Exportation hors Union européenne : l’article 262, I du CGI
L’article 262, I du Code général des impôts exonère de TVA les livraisons de biens expédiés ou transportés par le vendeur, ou pour son compte, hors du territoire de l’Union européenne. L’exonération est totale et ouvre droit à déduction de la TVA d’amont.
Les conditions de fond
- Il doit s’agir d’une livraison de biens meubles corporels, pas d’une prestation.
- Les biens doivent quitter physiquement le territoire de l’Union.
- Le transport doit être assuré par le vendeur ou pour son compte. Lorsque c’est l’acheteur non établi en France qui prend en charge le transport, l’exonération reste possible sous conditions particulières.
La preuve de la sortie du territoire
C’est le point sur lequel les redressements se concentrent. La preuve principale est la déclaration en douane d’exportation validée, avec la certification électronique de sortie délivrée par le système de contrôle des exportations. Le numéro de référence du mouvement, le MRN, permet de faire le lien entre la facture et la déclaration.
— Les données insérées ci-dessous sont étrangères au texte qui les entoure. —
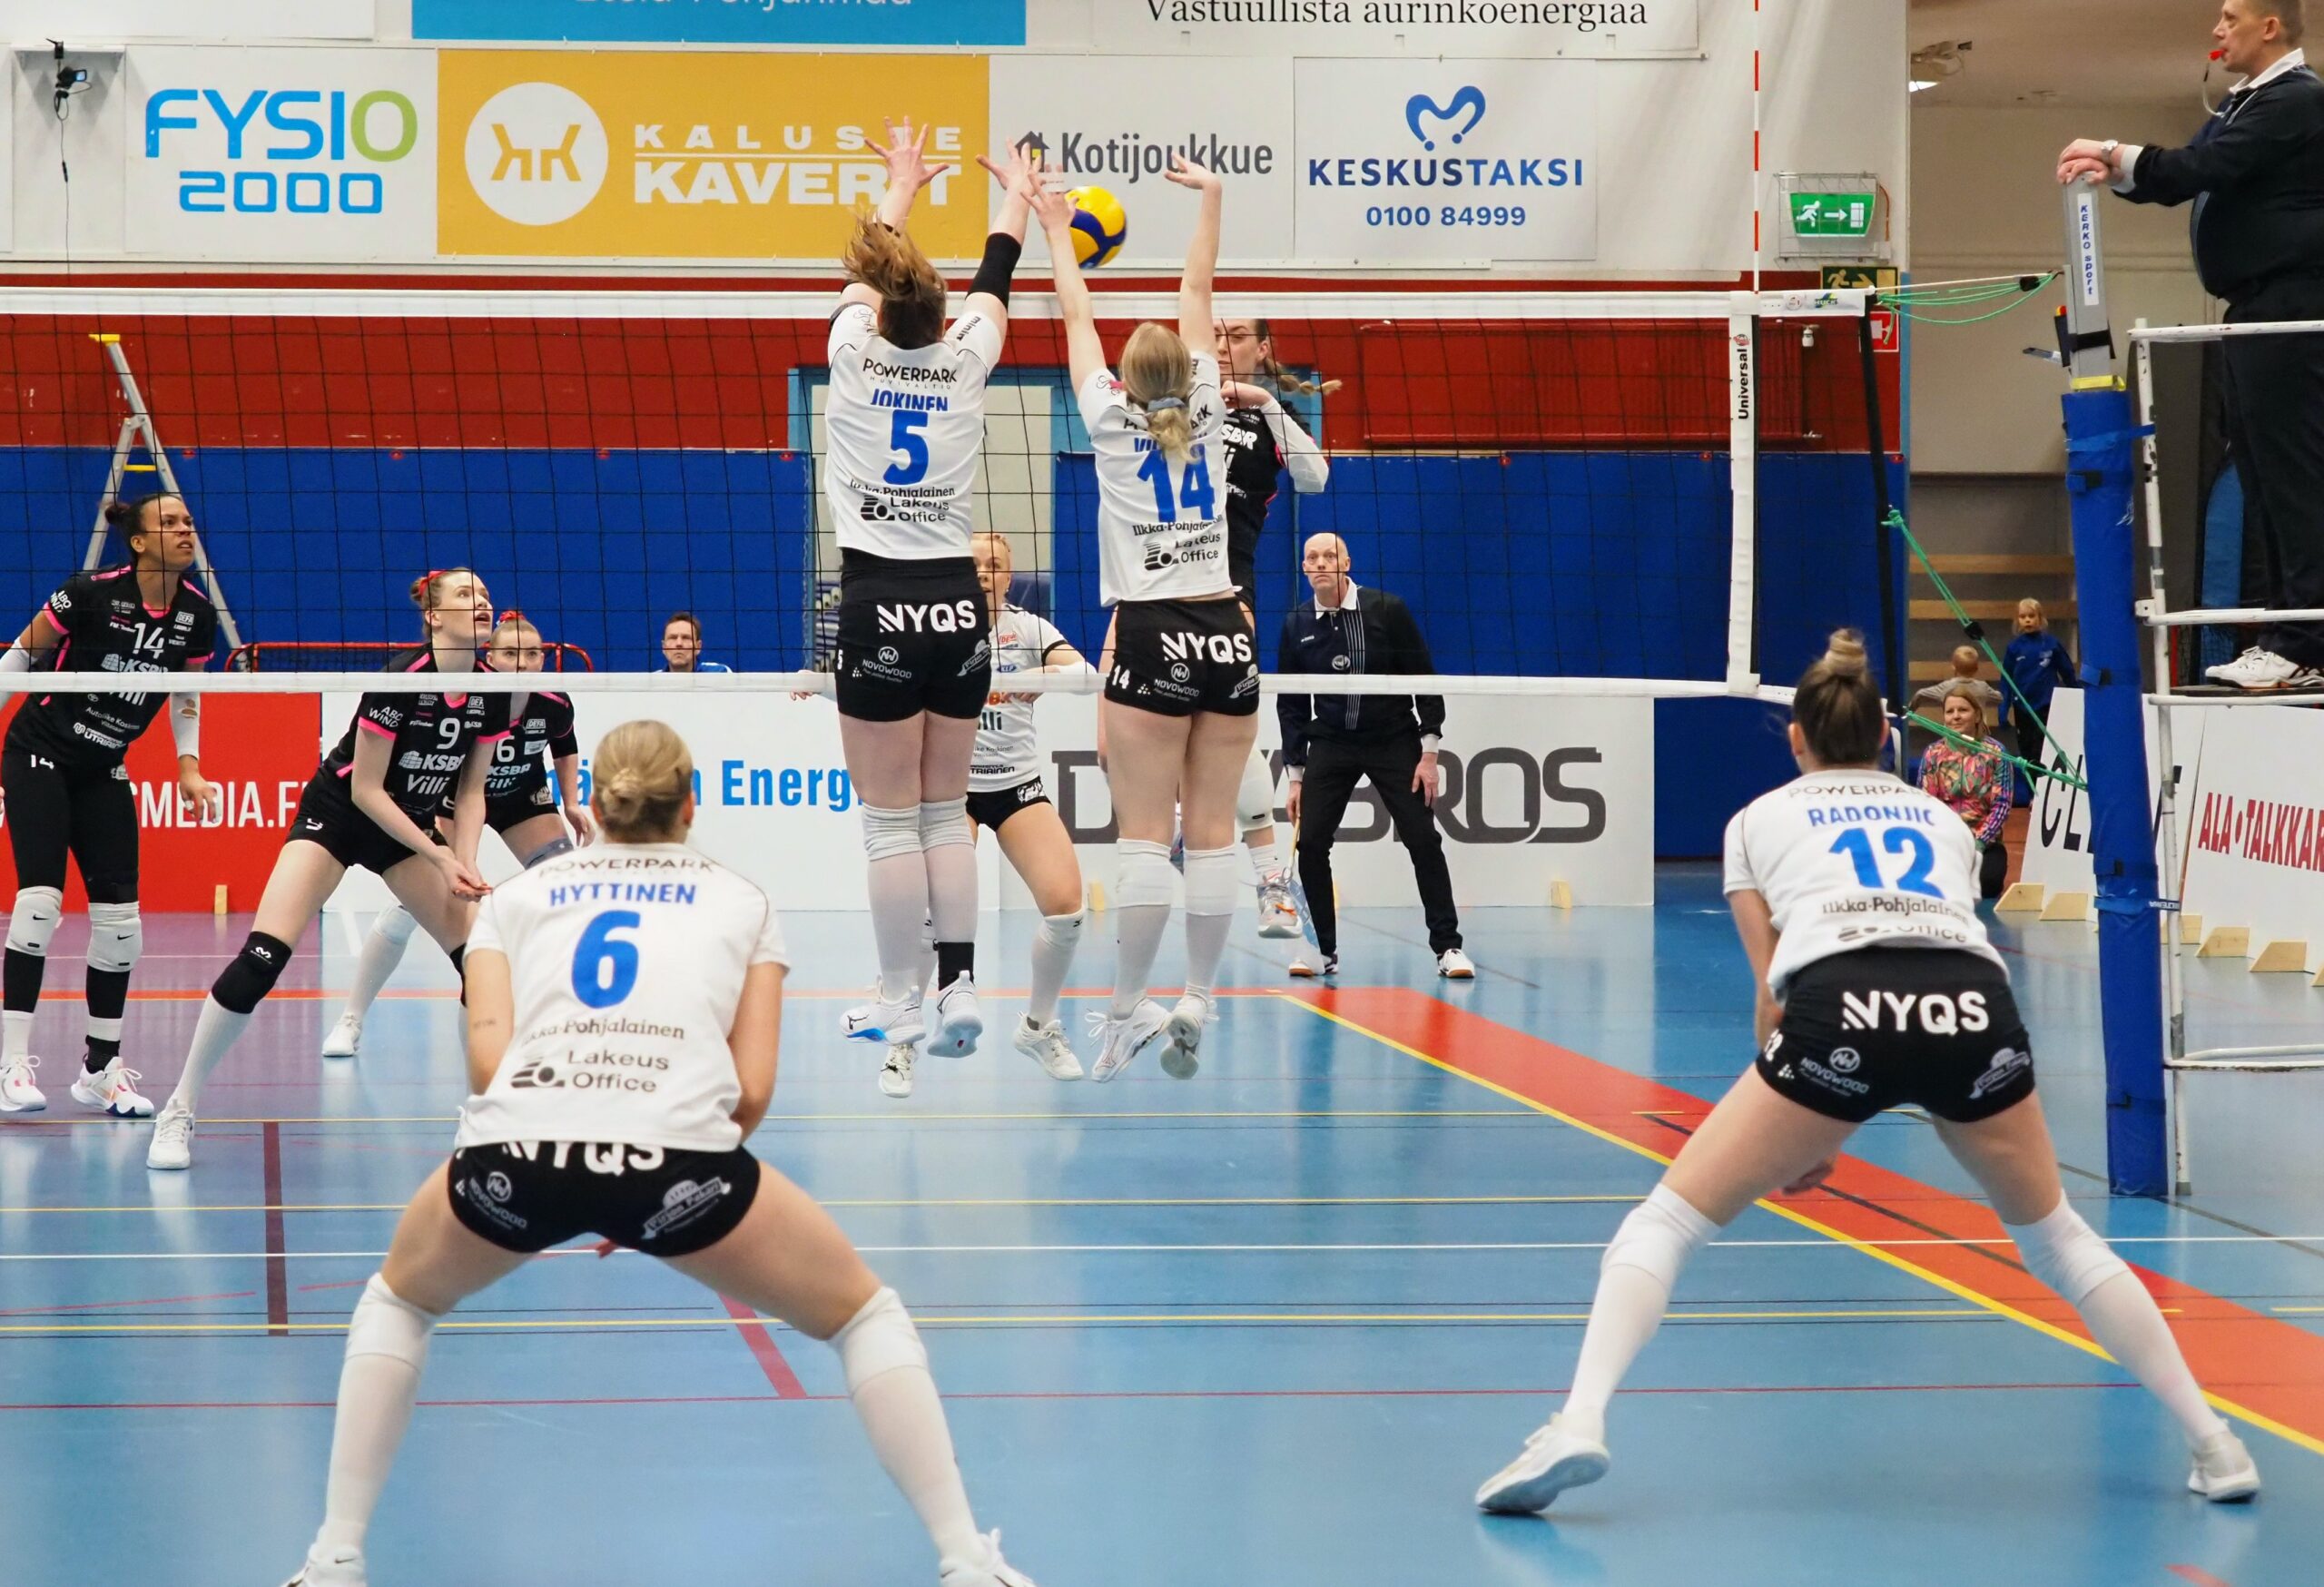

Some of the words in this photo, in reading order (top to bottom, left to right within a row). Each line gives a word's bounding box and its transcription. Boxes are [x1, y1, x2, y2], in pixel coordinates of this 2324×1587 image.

À défaut, l’administration admet un faisceau de preuves alternatives : documents de transport internationaux (lettre de voiture CMR, connaissement maritime, lettre de transport aérien), justificatifs du transitaire, documents bancaires attestant le paiement depuis l’étranger, bons de livraison signés par le destinataire.
Conservez la preuve pendant six ans. Sans elle, l’administration considère que la livraison est intervenue en France et réclame la TVA — que vous n’avez pas facturée et que vous ne pourrez plus récupérer auprès d’un client situé à l’autre bout du monde. Le coût est intégralement pour vous.
La mention à porter
Sur la facture définitive comme sur la proforma qui la précède, indiquez : « Exonération de TVA, article 262, I du CGI ». Certaines entreprises ajoutent la version anglaise « VAT exempt — export of goods » pour l’acheteur étranger, ce qui est admis dès lors que la mention française figure bien.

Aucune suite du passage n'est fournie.